1.3 Western blot檢測MRE11、磷酸化AKT和c-myc蛋白表達量

收集細胞，加入細胞裂解液，冰浴25 min后收集蛋白，BCA法測定其濃度。蛋白樣品與上樣緩沖液充分混勻后，置于100℃沸水中變性5 min。取25 μg蛋白進行SDS-PAGE電泳，然后電轉(zhuǎn)移到聚偏氟乙烯（polyvinylidene fluoride，PVDF）膜上，封閉后加入一抗：MRE11兔單抗（1:1 000）、AKT兔多抗（1:500）、磷酸化AKT兔單抗（1:5 000，phospho S473）、c-myc兔單抗（1:1 000）或GAPDH兔單抗（1:1 000），4℃孵育過夜。
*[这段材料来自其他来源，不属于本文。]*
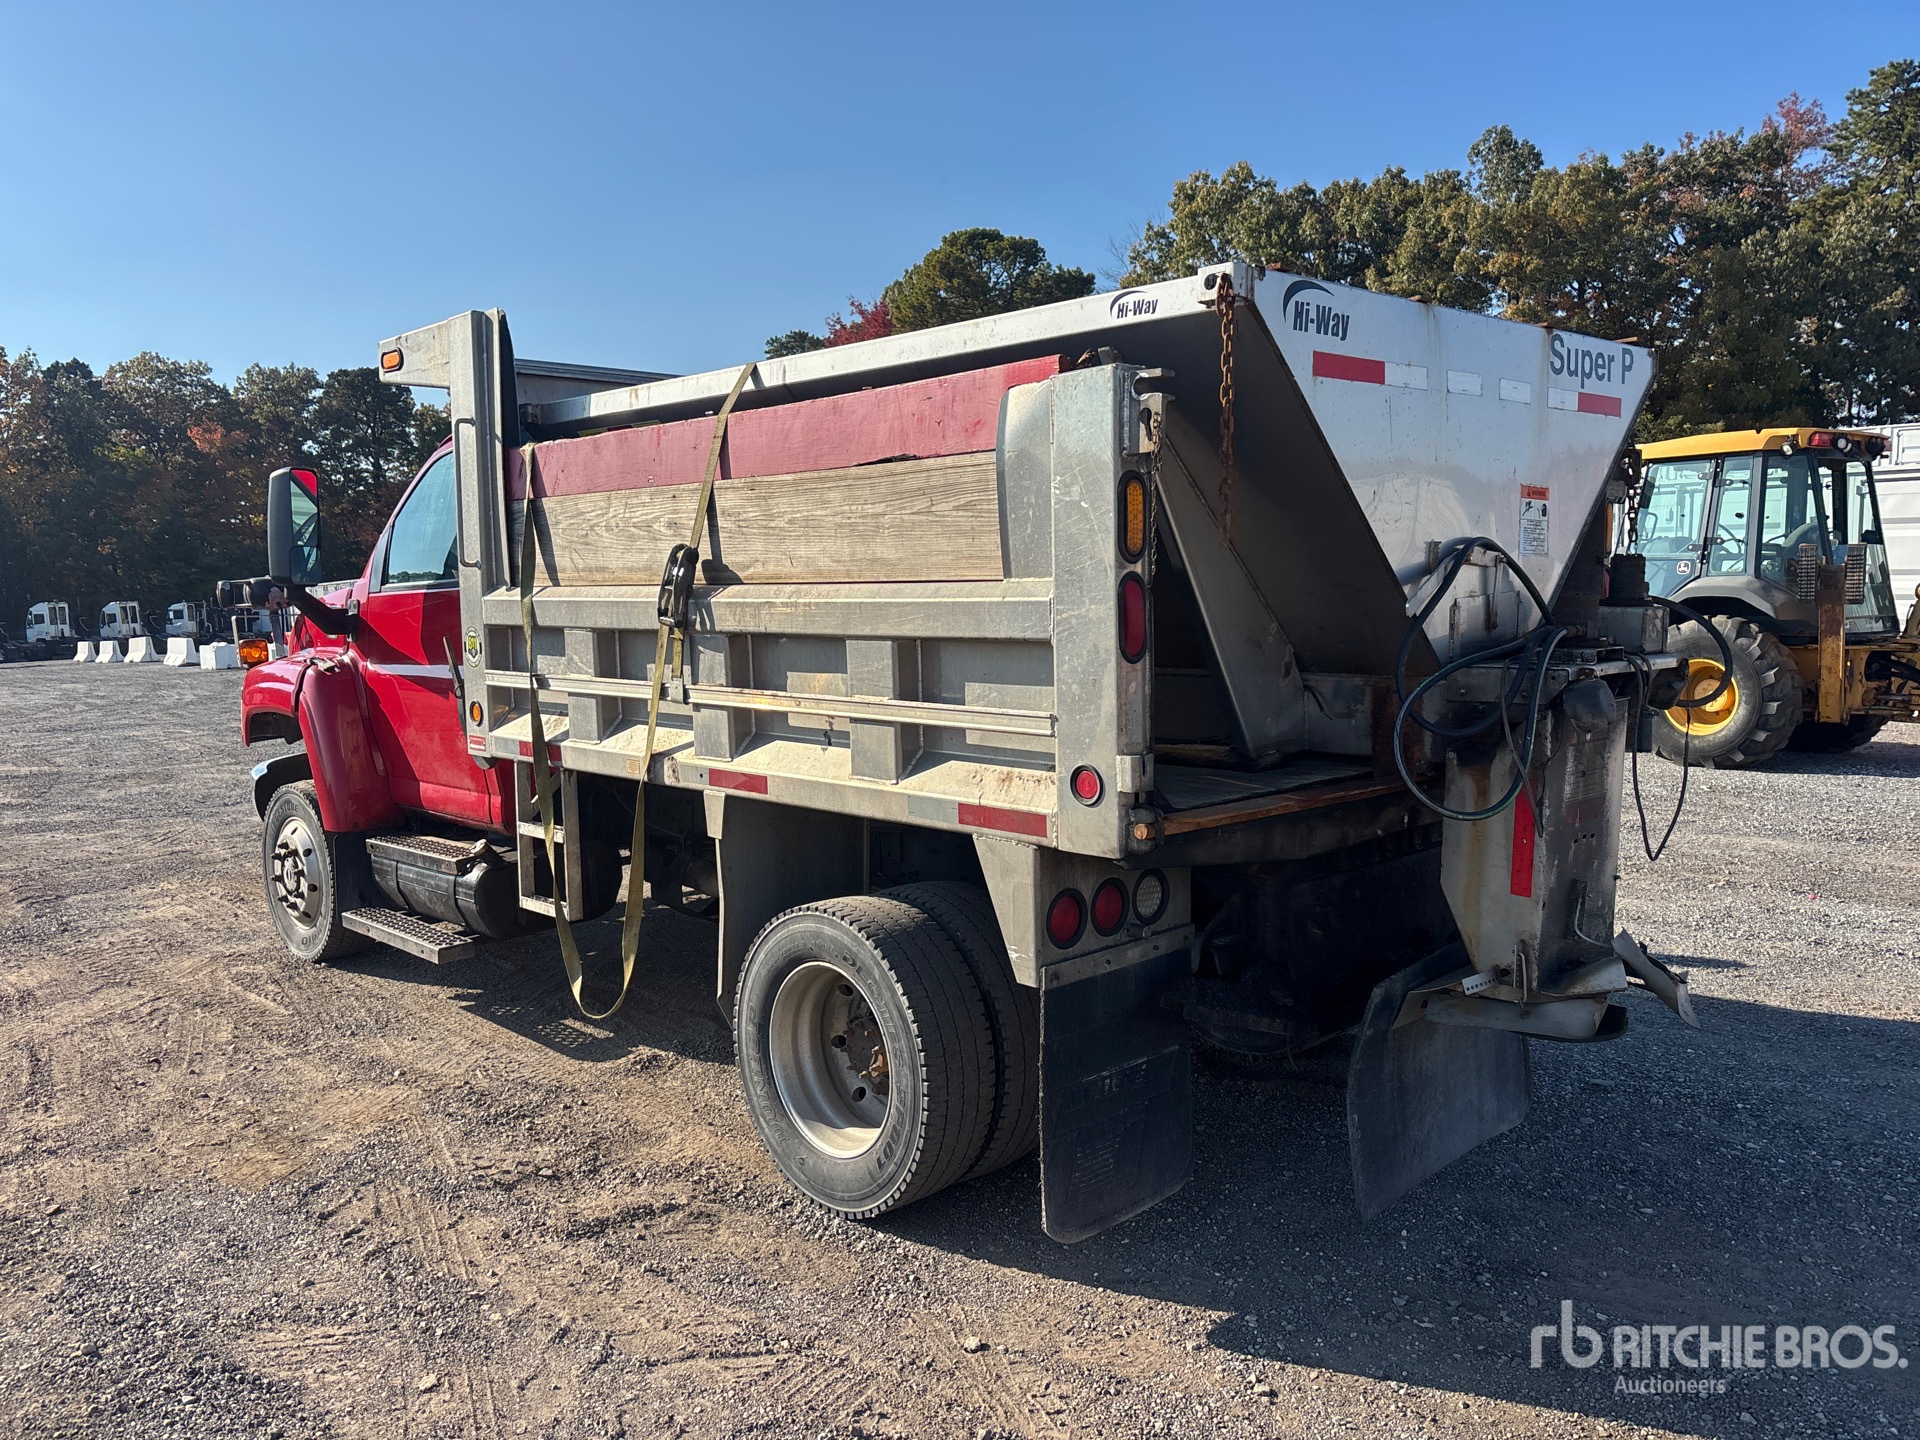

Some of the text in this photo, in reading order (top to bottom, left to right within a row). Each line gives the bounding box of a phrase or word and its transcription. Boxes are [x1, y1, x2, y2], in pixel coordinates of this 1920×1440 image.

辣根過氧化物酶標(biāo)記的羊抗兔二抗室溫孵育2 h。ECL發(fā)光試劑浸泡膜顯影，凝膠成像系統(tǒng)觀察結(jié)果。GAPDH為內(nèi)參對照蛋白。以目的蛋白條帶與GADPH灰度比值表示蛋白相對表達水平。

1.4 c-myc過表達載體的構(gòu)建和細胞轉(zhuǎn)染

TRIzol法提取待測細胞的總RNA，以總RNA為模板反轉(zhuǎn)cDNA，PCR擴增c-myc（GenBank accession number NM_002467）全長（包括酶切位點XhoⅠ和EcoRⅠ）序列，擴增產(chǎn)物分別與質(zhì)粒pcDNA.3.1同時進行EcoRⅠ和XhoⅠ雙酶切后連接，轉(zhuǎn)化到DH5α中擴增，篩選陽性克隆，鑒定，測序，將測序正確的質(zhì)粒命名為pcDNA.3.1-c-myc。將Ec9706和TE-1分別接種于96孔板，于37℃、5%CO2環(huán)境下培養(yǎng)12 h，待細胞融合達到80%，按照轉(zhuǎn)染試劑操作說明進行細胞轉(zhuǎn)染實驗。將分別含有pcDNA.3.1-c-myc（3 μg）、pcDNA.3.1（3 μg）、MER11 siRNA（5′-GGA GGU ACG UCG UUU CAG AdTdT-3′，3 μg）或無關(guān)對照siRNA（3 μg）的轉(zhuǎn)染試劑與200 μl不含血清的RPMI-1640培養(yǎng)基混合加入各孔，37℃、5%CO2孵育24 h，Western blot檢測轉(zhuǎn)染效率。

1.5 Caspase-3活性檢測

收集細胞，按照Caspase-3活性檢測試劑盒說明書檢測Caspase-3活性，酶標(biāo)儀測定420 nm處吸光度。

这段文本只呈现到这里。